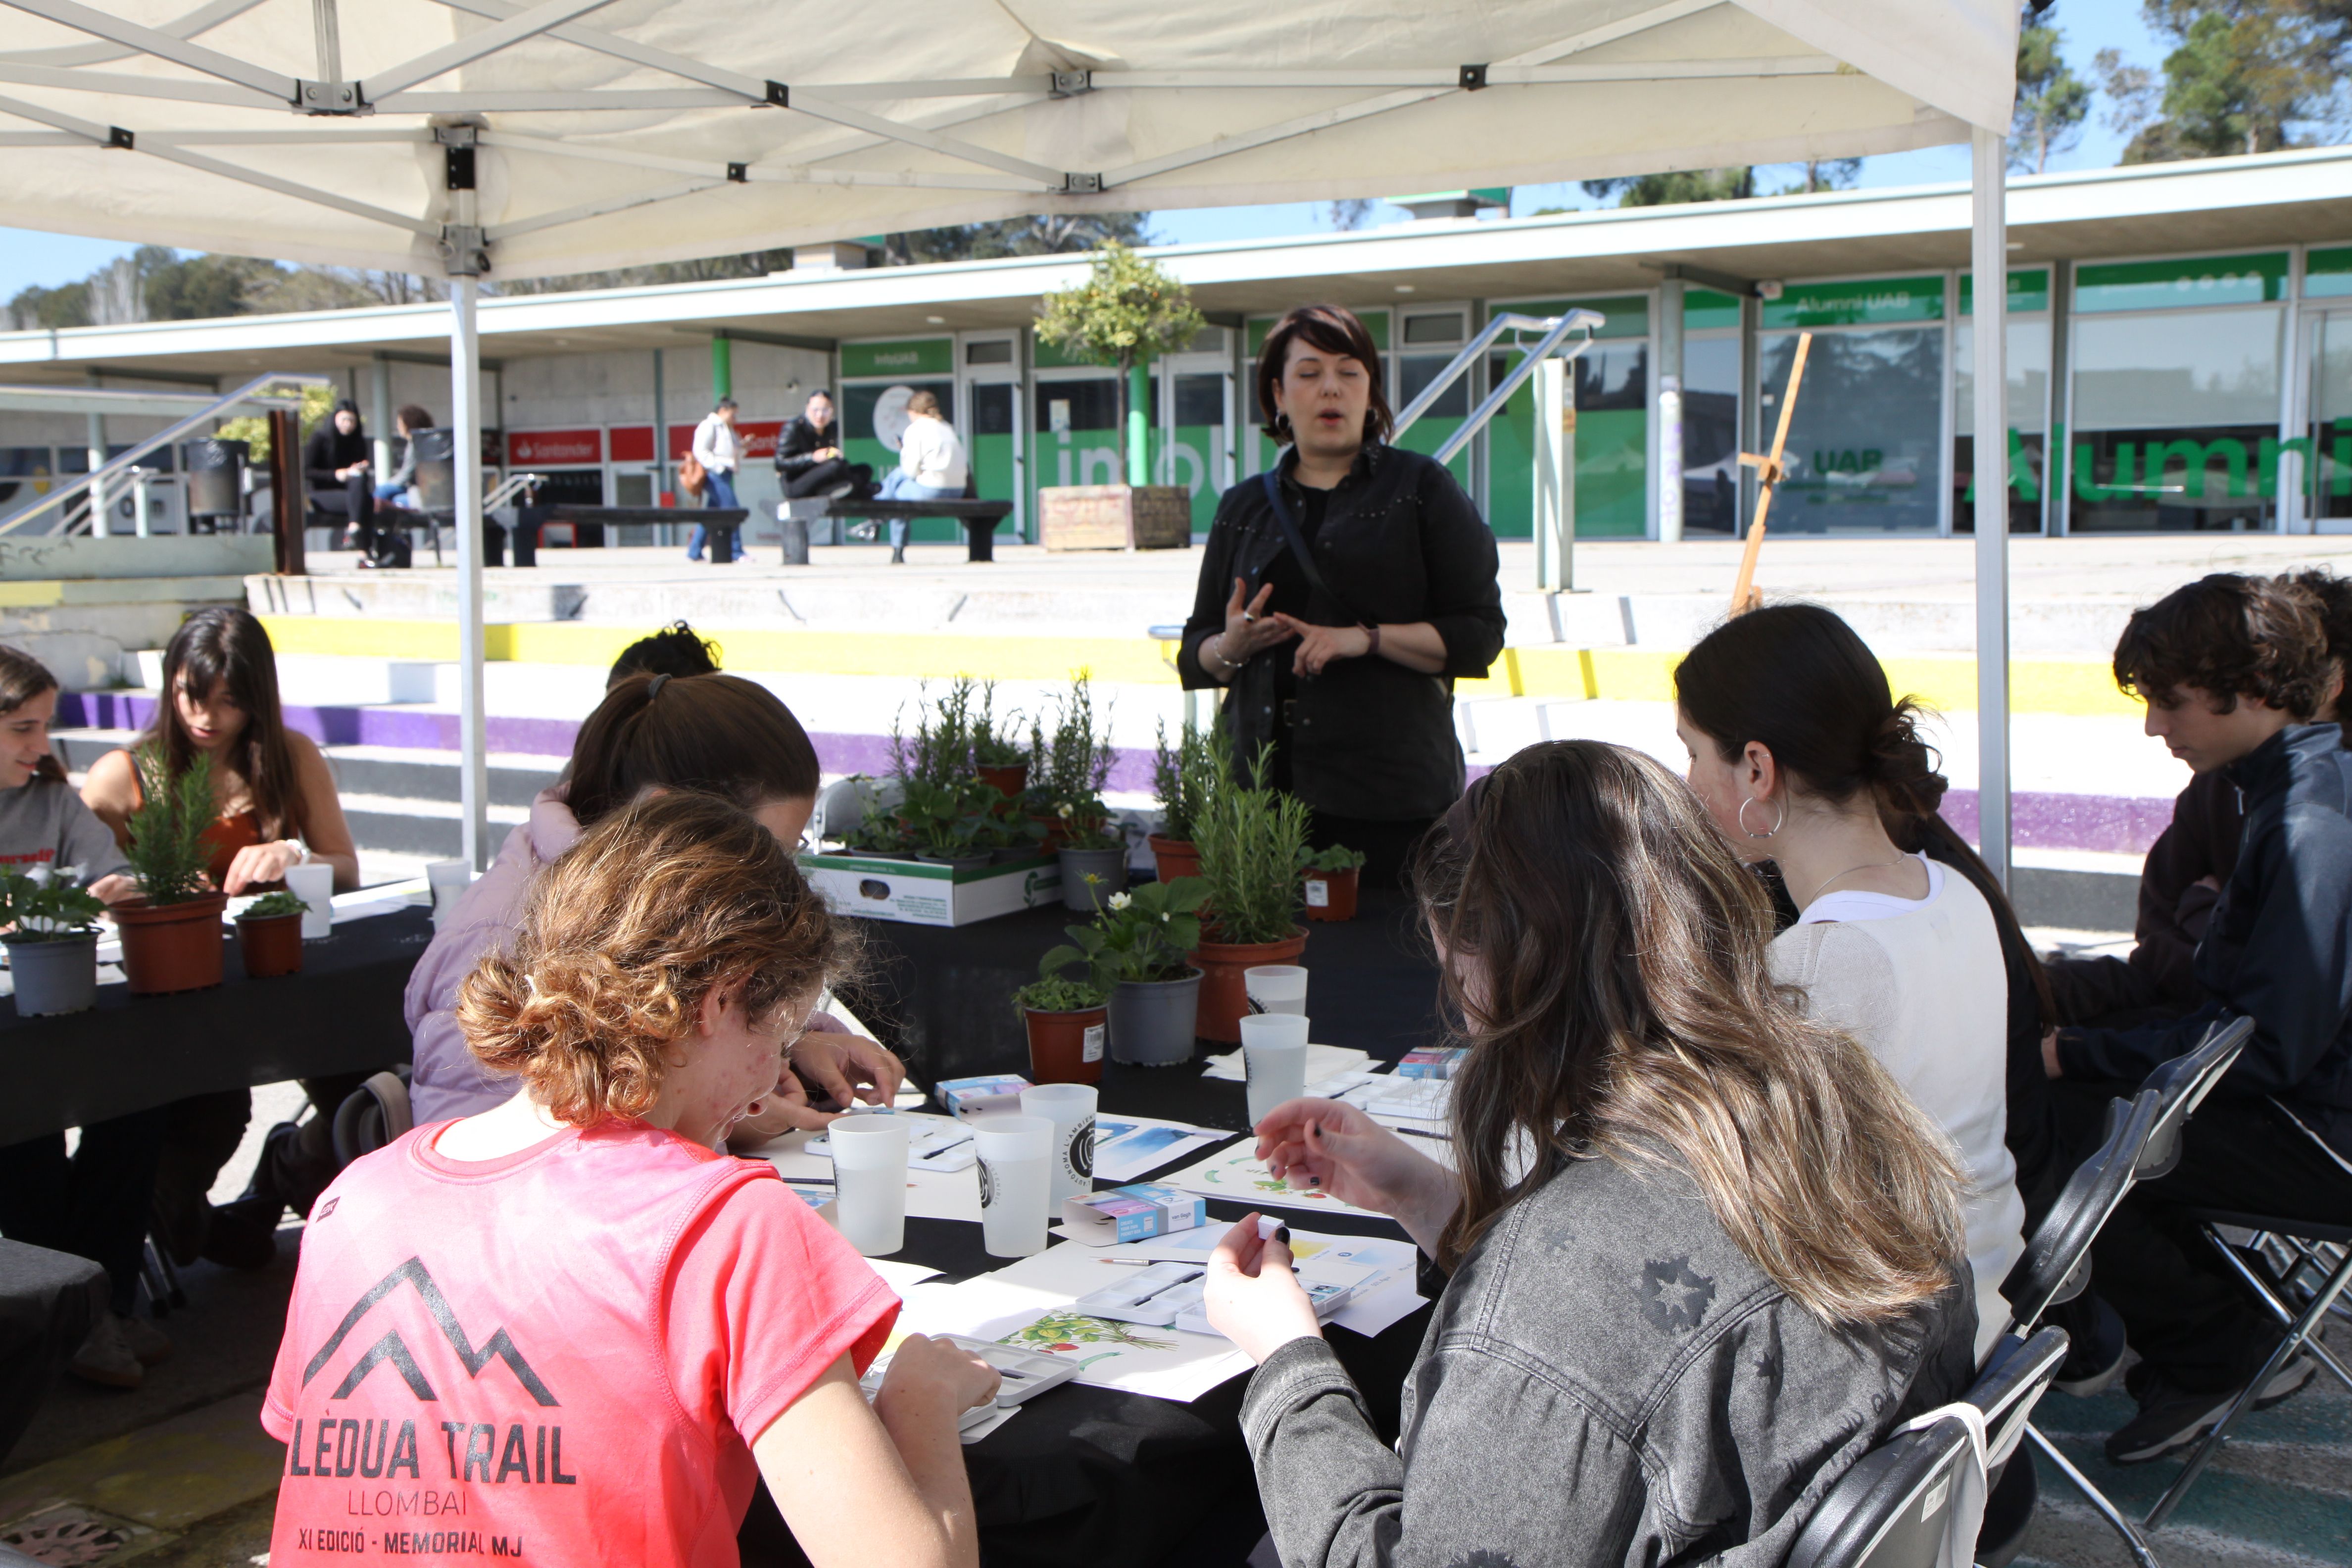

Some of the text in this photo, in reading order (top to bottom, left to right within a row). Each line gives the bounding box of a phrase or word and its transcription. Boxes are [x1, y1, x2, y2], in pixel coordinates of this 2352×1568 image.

[1796, 292, 1910, 312] Alumni UAB
[532, 441, 594, 458] Santander
[284, 1407, 577, 1485] LÈDUA TRAIL
[348, 1489, 467, 1517] LLOMBAI
[298, 1527, 313, 1550] XI
[317, 1526, 364, 1553] EDICIÓ
[384, 1531, 485, 1555] MEMORIAL
[492, 1535, 523, 1558] MJ
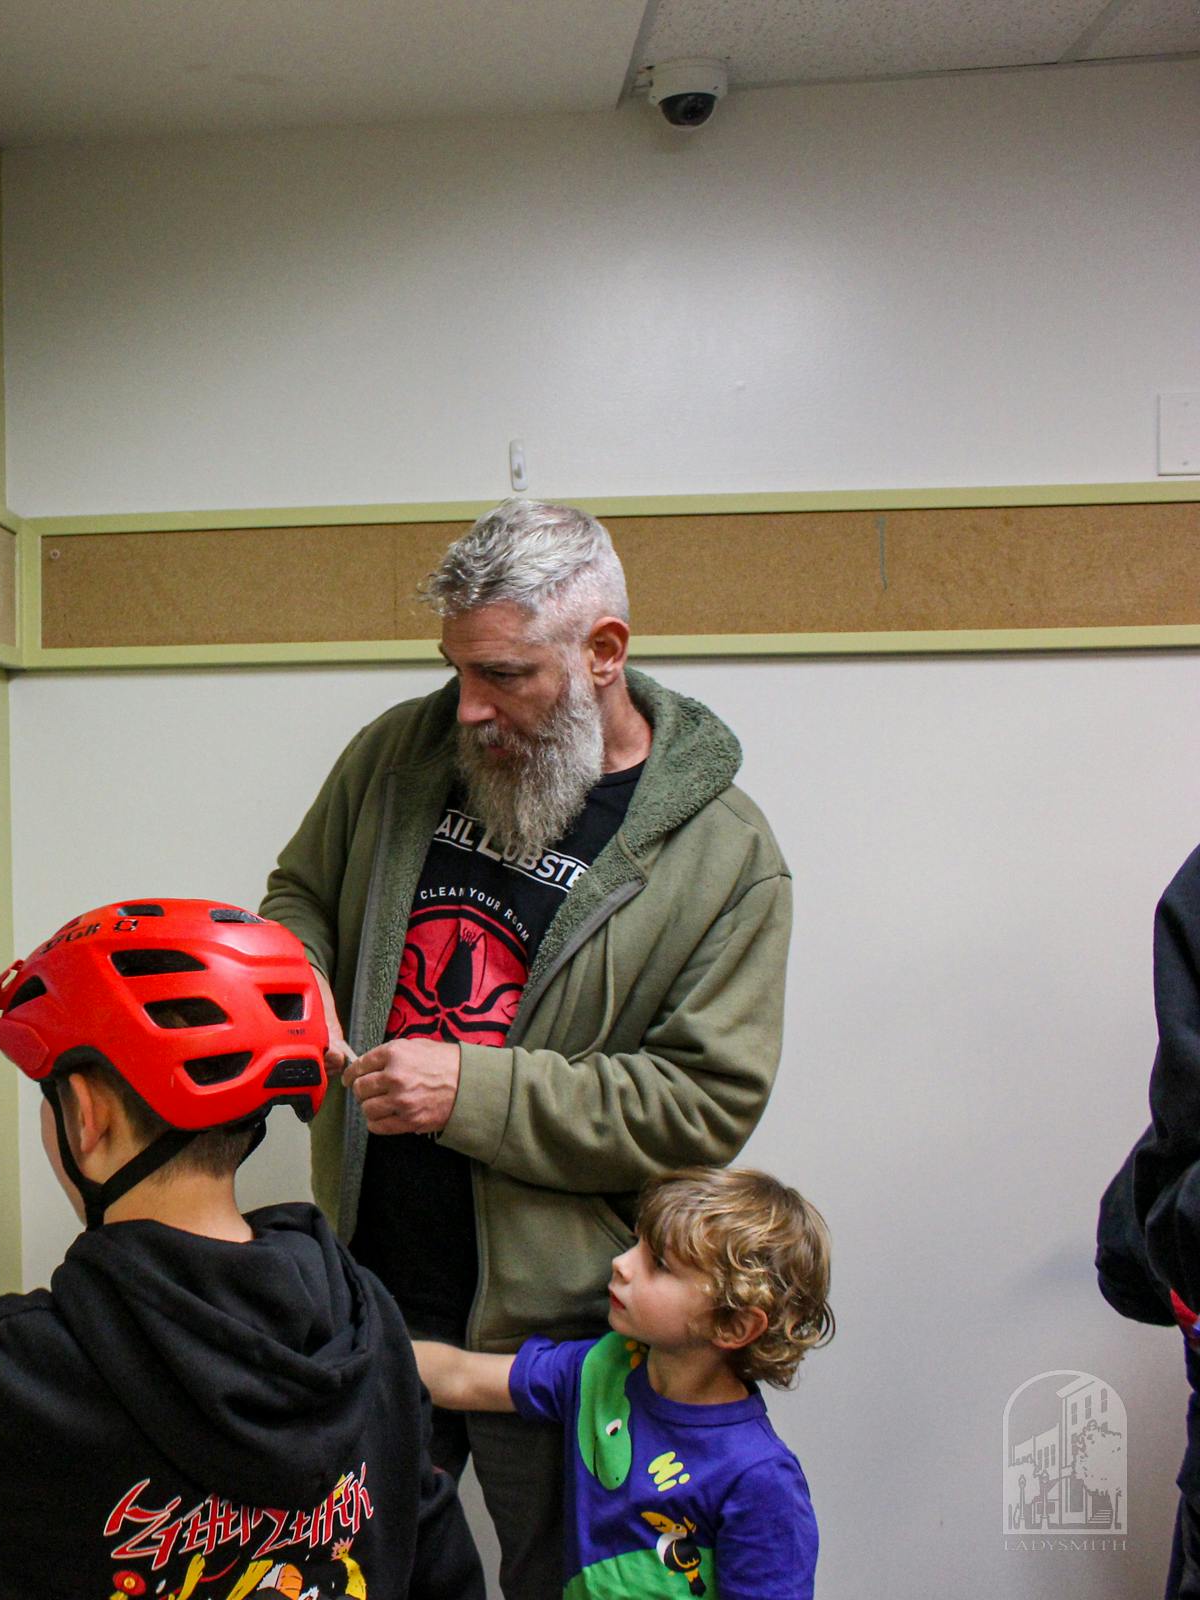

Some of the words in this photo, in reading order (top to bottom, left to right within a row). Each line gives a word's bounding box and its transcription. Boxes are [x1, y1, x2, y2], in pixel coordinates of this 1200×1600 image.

[420, 886, 465, 900] CLEAN
[468, 887, 501, 911] YOUR
[503, 908, 530, 942] ROOM

......

• Aim of the exercise: Your answer must be an exact repeat of the records above, with the pictures left out.

• Response box:
Some of the text in this photo, in reading order (top to bottom, left to right within a row). Each line gives the bounding box of a phrase or word and its transcription. Boxes are [x1, y1, x2, y2], in pixel coordinates of this 2352×1568 image.

[1796, 292, 1910, 312] Alumni UAB
[532, 441, 594, 458] Santander
[284, 1407, 577, 1485] LÈDUA TRAIL
[348, 1489, 467, 1517] LLOMBAI
[298, 1527, 313, 1550] XI
[317, 1526, 364, 1553] EDICIÓ
[384, 1531, 485, 1555] MEMORIAL
[492, 1535, 523, 1558] MJ

Some of the words in this photo, in reading order (top to bottom, left to right within a row). Each line gives a word's bounding box and its transcription. Boxes are [x1, y1, x2, y2], in pixel coordinates of this 1200×1600 image.

[420, 886, 465, 900] CLEAN
[468, 887, 501, 911] YOUR
[503, 908, 530, 942] ROOM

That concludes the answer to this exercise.